Sample Compatibility & Compliance

The LD test strip is validated for use with bovine/pork ovine urine, skeletal muscle (fat-free), liver homogenates, and compound feed samples. Sample preparation follows harmonized extraction protocols aligned with GB/T 22286–2008 (Chinese national standard for β-agonists in animal tissues) and AOAC Official Method 2011.05 (for ractopamine in feed). While not certified to ISO/IEC 17025 or FDA 21 CFR Part 11, the assay supports GLP-aligned workflows when used as a tier-1 screening step prior to confirmatory testing. Cross-reactivity studies confirm <5% interference from structurally related β-agonists (e.g., terbutaline, fenoterol), ensuring analytical specificity per IUPAC guidelines.

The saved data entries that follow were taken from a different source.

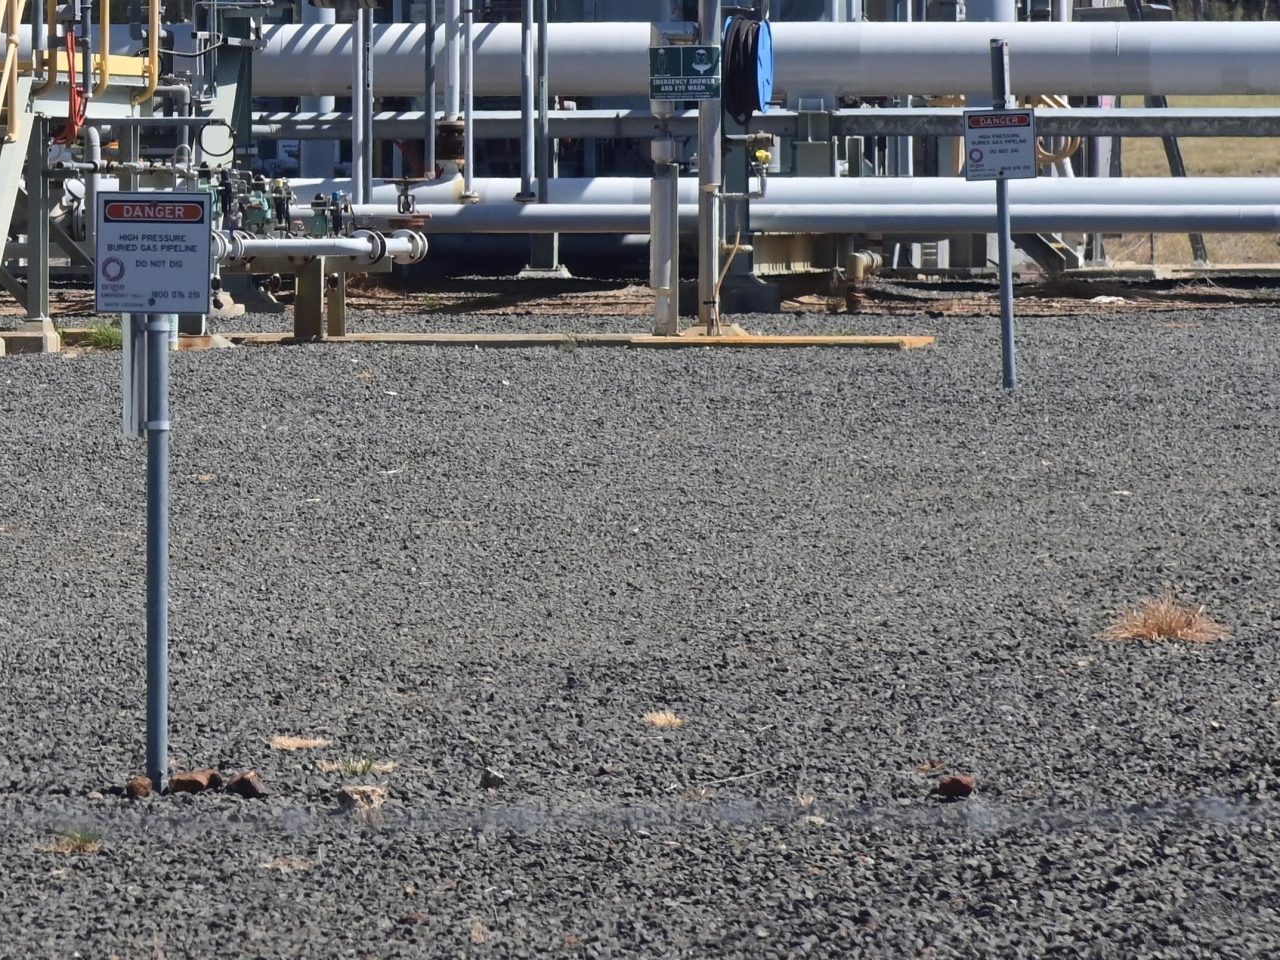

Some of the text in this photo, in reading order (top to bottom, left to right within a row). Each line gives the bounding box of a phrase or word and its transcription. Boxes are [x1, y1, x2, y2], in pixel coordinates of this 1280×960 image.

[980, 117, 1018, 125] DANGER
[122, 206, 184, 218] DANGER
[119, 234, 187, 242] HIGH PRESSURE
[107, 244, 198, 253] BURIED GAS PIPELINE
[135, 260, 183, 268] DO NOT DIG
[151, 291, 169, 299] 1800
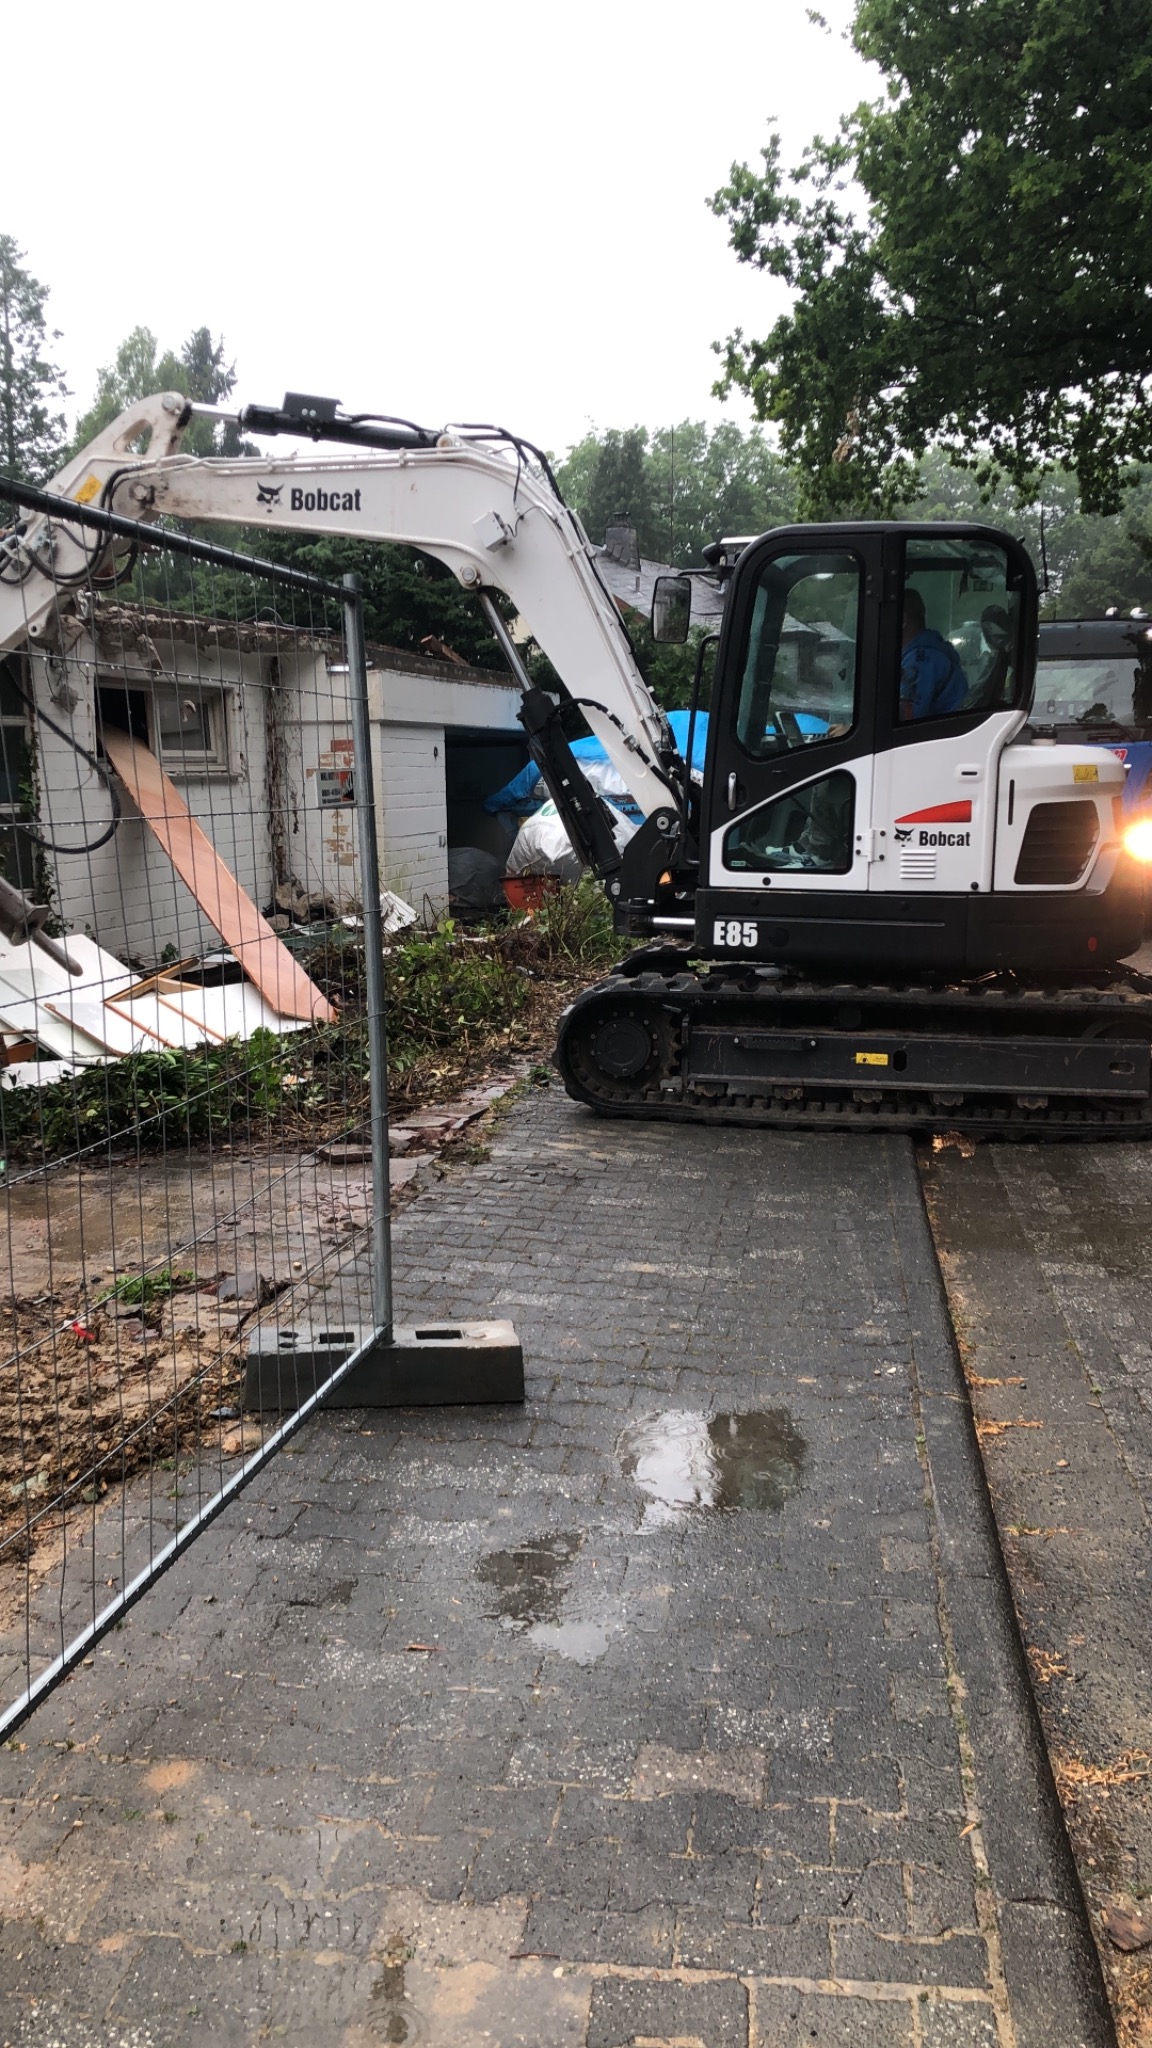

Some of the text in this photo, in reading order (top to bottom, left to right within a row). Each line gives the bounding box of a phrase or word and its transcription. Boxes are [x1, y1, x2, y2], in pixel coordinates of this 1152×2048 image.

[291, 487, 362, 512] Bobcat
[919, 830, 971, 847] Bobcat
[713, 920, 758, 947] E85
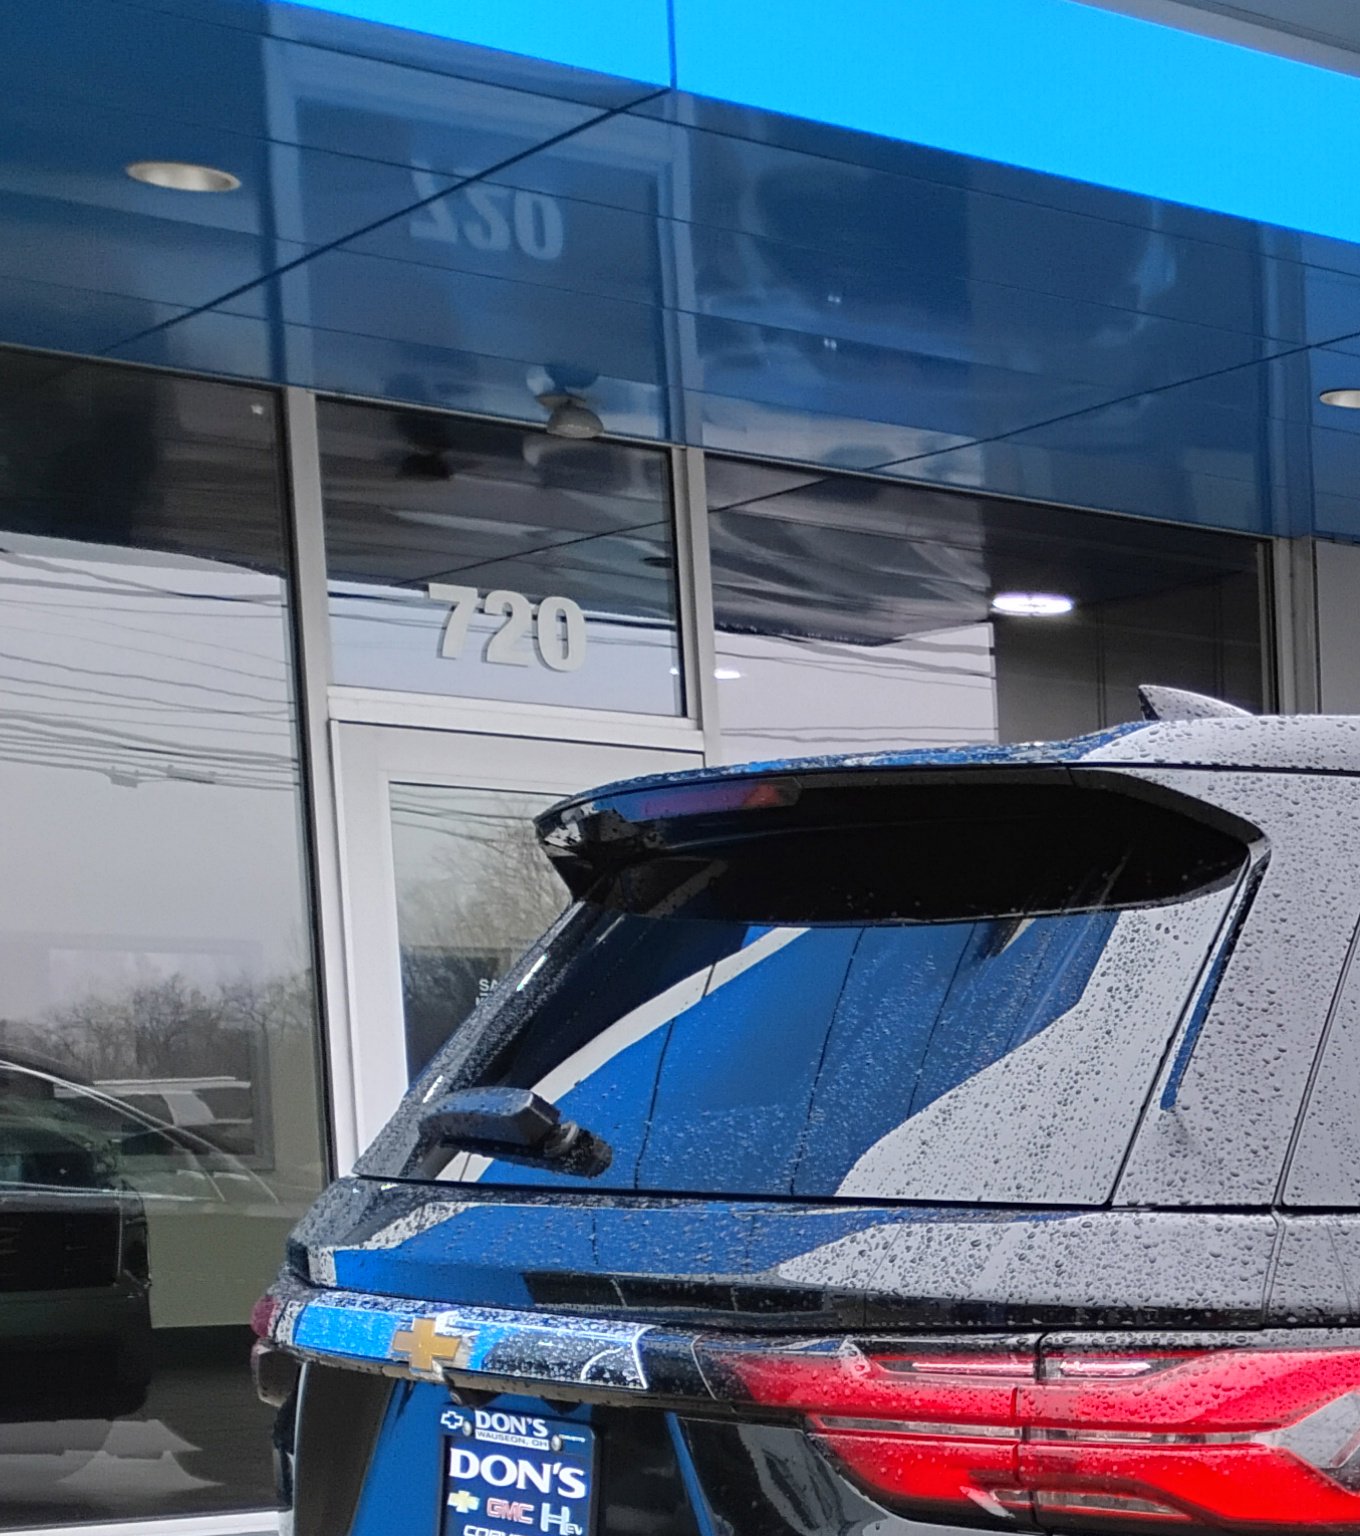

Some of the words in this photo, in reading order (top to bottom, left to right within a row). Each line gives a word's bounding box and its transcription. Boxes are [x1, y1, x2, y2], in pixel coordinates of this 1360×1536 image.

[427, 582, 587, 672] 720
[475, 1410, 549, 1438] DON'S
[477, 1431, 529, 1446] WAUSEON,
[531, 1439, 547, 1448] OH
[449, 1447, 586, 1499] DON'S
[486, 1497, 535, 1524] GMC
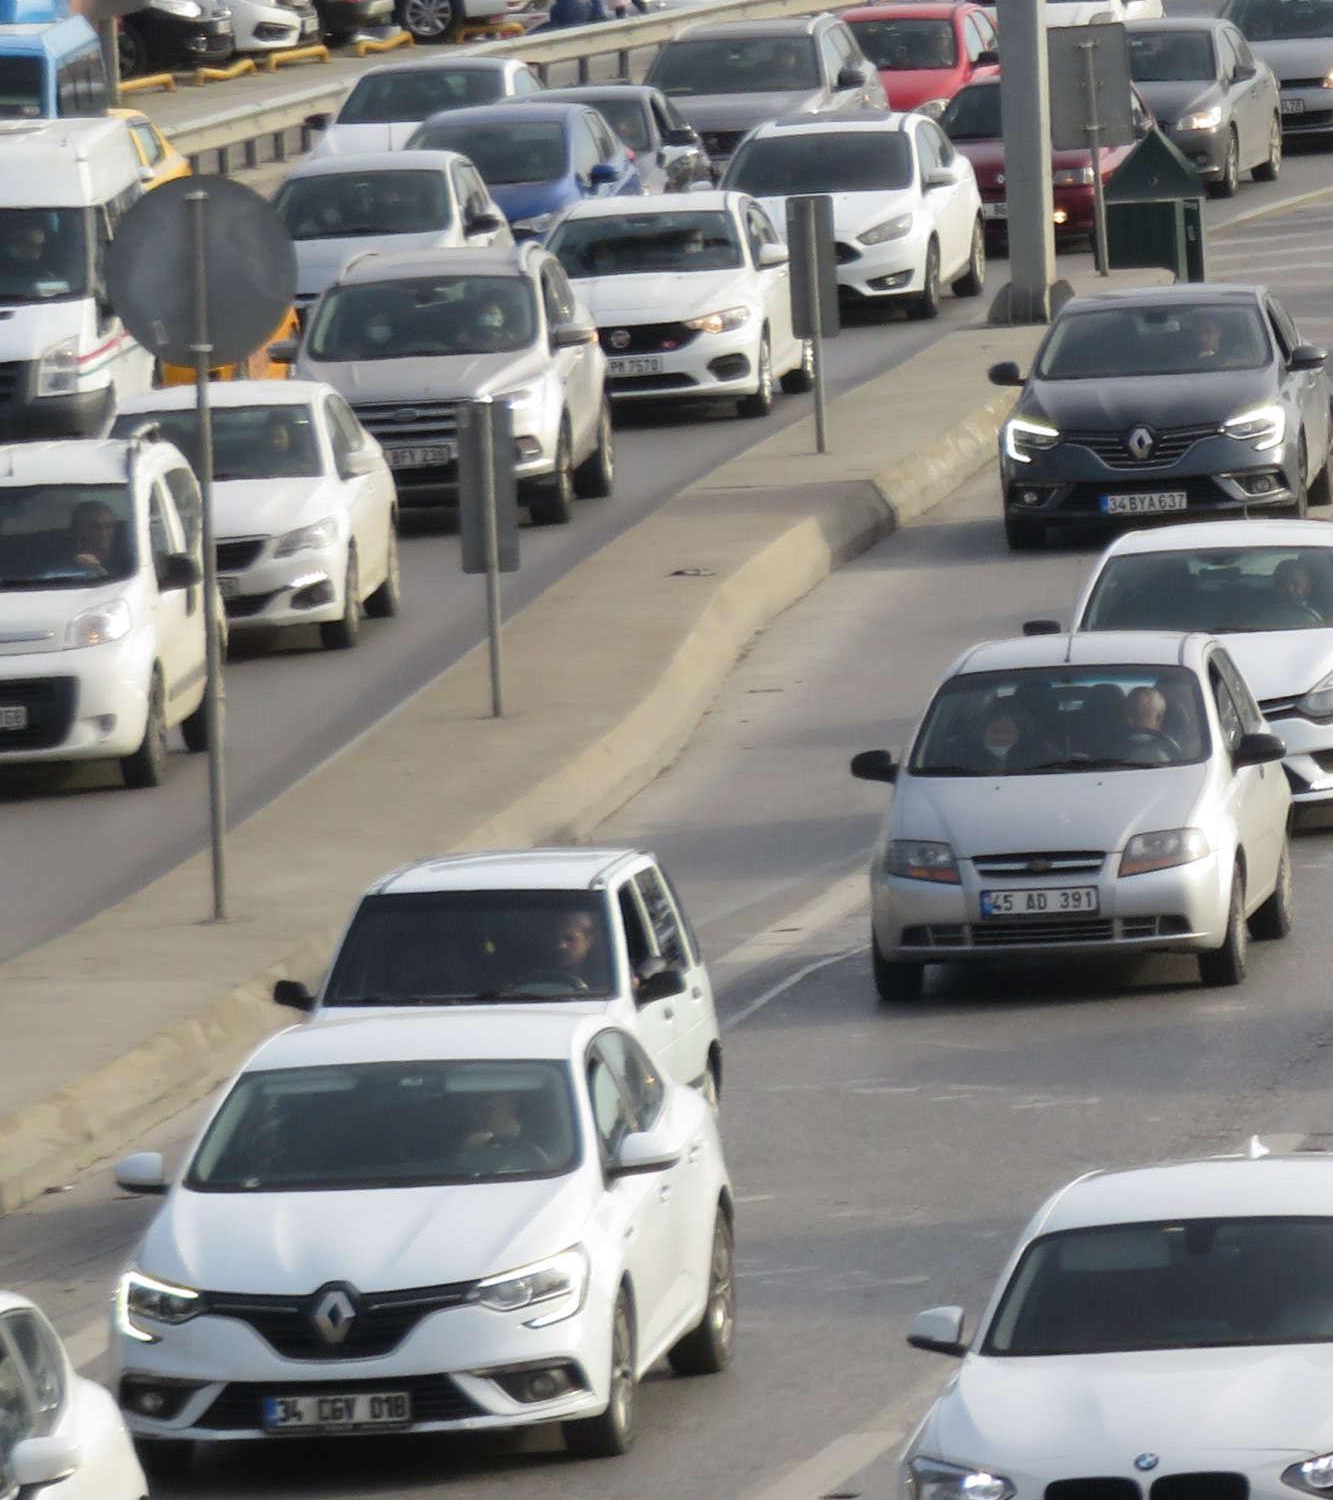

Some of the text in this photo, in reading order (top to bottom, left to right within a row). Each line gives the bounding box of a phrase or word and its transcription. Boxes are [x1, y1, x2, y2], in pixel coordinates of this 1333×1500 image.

[1110, 494, 1185, 511] 34 BYA 637
[992, 891, 1092, 911] 45 AD 391
[278, 1401, 303, 1422] 34

Software & Data Management

This is a non-instrumented, analog diagnostic format. No embedded firmware, Bluetooth, or digital output is present. Result documentation must be performed manually via lab notebook entries or LIMS-integrated image capture (using standardized lighting and scale reference). For audit readiness, users are advised to record batch number, expiration date, operator ID, sample ID, and result interpretation timestamp. Digital archiving of photographed test strips complies with basic traceability requirements under China’s Food Safety Law (Article 42) and EU Regulation (EC) No 854/2004 for official controls.

Applications

• Pre-slaughter screening at abattoirs to identify suspect animals prior to processing.
• Routine surveillance in feed manufacturing facilities to verify raw material compliance.
• Field deployment by municipal food safety inspectors during market inspections.
• QC/QA verification in meat processing plants prior to product release.
• Educational use in food science laboratories for immunoassay methodology training.

FAQ

What is the limit of detection (LOD) for each analyte?
The LOD varies by matrix: 0.5 µg/L in urine, 0.2 µg/kg in muscle tissue, and 1.0 µg/kg in feed—per validation data submitted to CNAS-accredited third-party labs.
Can this test be used for milk or blood samples?
No. The assay has not been validated for milk, serum, or plasma. Matrix effects from casein or hemoglobin may cause false negatives or invalid C-lines.
Is centrifugation mandatory for all sample types?
Yes—for turbid urine, tissue extracts, and feed supernatants. Clarification ensures uniform flow and prevents membrane clogging or non-specific binding.
What does an invalid result indicate?
Absence of the C-line indicates either insufficient sample volume, damaged membrane, expired reagents, or improper storage (e.g., exposure to >30 °C or humidity >60% RH).
Does the test comply with EU MRLs?
It aligns with EU Commission Regulation (EU) No 37/2010 MRLs for clenbuterol (0.01 µg/kg in muscle) and ractopamine (10 µg/kg in liver), but serves only as a pass/fail screen—not a compliance certificate.